_What this task involves_
Taking the line containing "this 1280×1707 image." as the first and the last line of the entries as the end, reproduce every line between them exactly, including both.

_Entries supplied_

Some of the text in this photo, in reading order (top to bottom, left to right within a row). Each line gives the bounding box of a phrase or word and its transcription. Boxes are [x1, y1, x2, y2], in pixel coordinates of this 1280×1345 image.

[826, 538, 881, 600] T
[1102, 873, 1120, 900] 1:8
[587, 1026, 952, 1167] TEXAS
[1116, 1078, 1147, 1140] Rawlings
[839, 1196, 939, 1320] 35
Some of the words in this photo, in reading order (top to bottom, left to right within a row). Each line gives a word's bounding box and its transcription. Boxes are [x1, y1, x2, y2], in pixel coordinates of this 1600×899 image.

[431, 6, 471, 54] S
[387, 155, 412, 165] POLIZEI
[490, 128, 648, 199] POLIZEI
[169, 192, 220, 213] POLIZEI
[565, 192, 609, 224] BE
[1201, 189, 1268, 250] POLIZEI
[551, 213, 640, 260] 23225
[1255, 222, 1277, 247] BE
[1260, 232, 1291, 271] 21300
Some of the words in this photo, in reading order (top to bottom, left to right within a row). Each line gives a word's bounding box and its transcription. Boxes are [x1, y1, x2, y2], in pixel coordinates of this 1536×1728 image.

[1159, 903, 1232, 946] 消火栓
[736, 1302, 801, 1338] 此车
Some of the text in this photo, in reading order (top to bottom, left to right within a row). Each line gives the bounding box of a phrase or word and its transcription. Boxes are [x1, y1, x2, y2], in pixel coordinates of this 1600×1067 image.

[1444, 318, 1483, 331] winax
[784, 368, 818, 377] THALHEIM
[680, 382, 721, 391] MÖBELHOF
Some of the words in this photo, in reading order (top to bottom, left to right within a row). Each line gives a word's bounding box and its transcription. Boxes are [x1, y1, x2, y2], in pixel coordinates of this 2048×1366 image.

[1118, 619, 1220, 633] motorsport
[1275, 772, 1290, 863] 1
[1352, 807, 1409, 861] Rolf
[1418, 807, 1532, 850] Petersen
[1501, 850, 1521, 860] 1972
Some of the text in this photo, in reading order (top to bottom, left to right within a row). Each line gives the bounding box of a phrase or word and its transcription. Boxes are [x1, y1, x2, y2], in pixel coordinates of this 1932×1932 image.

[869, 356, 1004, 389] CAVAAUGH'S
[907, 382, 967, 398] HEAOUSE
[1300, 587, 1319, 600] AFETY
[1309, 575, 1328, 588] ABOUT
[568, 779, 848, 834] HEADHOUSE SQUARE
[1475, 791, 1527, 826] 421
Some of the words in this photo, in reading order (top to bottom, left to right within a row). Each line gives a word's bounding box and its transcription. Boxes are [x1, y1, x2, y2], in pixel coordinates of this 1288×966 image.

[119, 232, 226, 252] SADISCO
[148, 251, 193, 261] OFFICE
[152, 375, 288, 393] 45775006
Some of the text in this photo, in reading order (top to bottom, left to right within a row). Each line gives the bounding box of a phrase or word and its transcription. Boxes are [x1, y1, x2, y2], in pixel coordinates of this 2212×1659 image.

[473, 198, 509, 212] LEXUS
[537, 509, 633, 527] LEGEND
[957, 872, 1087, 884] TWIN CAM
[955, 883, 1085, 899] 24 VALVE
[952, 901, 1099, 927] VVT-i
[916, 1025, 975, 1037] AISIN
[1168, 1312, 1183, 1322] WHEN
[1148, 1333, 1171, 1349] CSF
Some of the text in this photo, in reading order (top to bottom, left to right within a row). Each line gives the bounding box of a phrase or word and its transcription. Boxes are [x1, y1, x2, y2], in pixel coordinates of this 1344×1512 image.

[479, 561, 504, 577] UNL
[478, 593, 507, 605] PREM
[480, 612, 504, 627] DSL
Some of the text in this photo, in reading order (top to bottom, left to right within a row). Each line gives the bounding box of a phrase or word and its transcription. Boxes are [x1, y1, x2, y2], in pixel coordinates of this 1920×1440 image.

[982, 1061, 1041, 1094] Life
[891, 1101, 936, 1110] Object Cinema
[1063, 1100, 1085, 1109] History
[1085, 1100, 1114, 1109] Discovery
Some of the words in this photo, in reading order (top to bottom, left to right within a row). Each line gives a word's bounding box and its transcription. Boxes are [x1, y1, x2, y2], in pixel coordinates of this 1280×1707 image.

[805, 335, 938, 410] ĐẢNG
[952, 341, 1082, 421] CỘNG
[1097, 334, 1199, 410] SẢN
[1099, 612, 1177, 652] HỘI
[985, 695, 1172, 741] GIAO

_Exercise result_
Some of the words in this photo, in reading order (top to bottom, left to right within a row). Each line gives a word's bounding box and its transcription. Boxes are [x1, y1, x2, y2], in pixel coordinates of this 1280×1707 image.

[805, 335, 938, 410] ĐẢNG
[952, 341, 1082, 421] CỘNG
[1097, 334, 1199, 410] SẢN
[1099, 612, 1177, 652] HỘI
[985, 695, 1172, 741] GIAO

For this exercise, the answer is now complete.